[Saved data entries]
++++++++++++++++++++

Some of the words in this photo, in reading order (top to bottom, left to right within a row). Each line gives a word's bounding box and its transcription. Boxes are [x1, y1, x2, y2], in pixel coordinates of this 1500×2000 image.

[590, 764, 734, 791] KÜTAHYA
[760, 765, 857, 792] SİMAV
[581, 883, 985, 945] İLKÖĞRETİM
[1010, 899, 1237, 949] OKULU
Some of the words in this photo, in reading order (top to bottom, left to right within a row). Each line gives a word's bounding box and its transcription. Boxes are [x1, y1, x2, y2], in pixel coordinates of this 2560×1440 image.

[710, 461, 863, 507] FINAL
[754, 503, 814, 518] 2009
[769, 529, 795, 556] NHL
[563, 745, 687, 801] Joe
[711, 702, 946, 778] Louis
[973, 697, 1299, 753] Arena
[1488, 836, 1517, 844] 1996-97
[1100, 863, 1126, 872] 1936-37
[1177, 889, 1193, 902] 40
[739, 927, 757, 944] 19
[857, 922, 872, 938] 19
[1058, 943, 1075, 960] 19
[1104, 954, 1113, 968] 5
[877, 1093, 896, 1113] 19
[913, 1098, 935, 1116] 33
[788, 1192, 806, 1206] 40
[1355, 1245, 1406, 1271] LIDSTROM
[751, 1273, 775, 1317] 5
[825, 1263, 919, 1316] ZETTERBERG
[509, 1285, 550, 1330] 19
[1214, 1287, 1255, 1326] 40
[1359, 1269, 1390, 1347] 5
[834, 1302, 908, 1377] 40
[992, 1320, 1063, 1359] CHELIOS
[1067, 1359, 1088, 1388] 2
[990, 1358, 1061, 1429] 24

++++++++++++++++++++

Transcribe the records in full, keeping every character as it is.

Some of the words in this photo, in reading order (top to bottom, left to right within a row). Each line gives a word's bounding box and its transcription. Boxes are [x1, y1, x2, y2], in pixel coordinates of this 1500×2000 image.

[590, 764, 734, 791] KÜTAHYA
[760, 765, 857, 792] SİMAV
[581, 883, 985, 945] İLKÖĞRETİM
[1010, 899, 1237, 949] OKULU
Some of the words in this photo, in reading order (top to bottom, left to right within a row). Each line gives a word's bounding box and its transcription. Boxes are [x1, y1, x2, y2], in pixel coordinates of this 2560×1440 image.

[710, 461, 863, 507] FINAL
[754, 503, 814, 518] 2009
[769, 529, 795, 556] NHL
[563, 745, 687, 801] Joe
[711, 702, 946, 778] Louis
[973, 697, 1299, 753] Arena
[1488, 836, 1517, 844] 1996-97
[1100, 863, 1126, 872] 1936-37
[1177, 889, 1193, 902] 40
[739, 927, 757, 944] 19
[857, 922, 872, 938] 19
[1058, 943, 1075, 960] 19
[1104, 954, 1113, 968] 5
[877, 1093, 896, 1113] 19
[913, 1098, 935, 1116] 33
[788, 1192, 806, 1206] 40
[1355, 1245, 1406, 1271] LIDSTROM
[751, 1273, 775, 1317] 5
[825, 1263, 919, 1316] ZETTERBERG
[509, 1285, 550, 1330] 19
[1214, 1287, 1255, 1326] 40
[1359, 1269, 1390, 1347] 5
[834, 1302, 908, 1377] 40
[992, 1320, 1063, 1359] CHELIOS
[1067, 1359, 1088, 1388] 2
[990, 1358, 1061, 1429] 24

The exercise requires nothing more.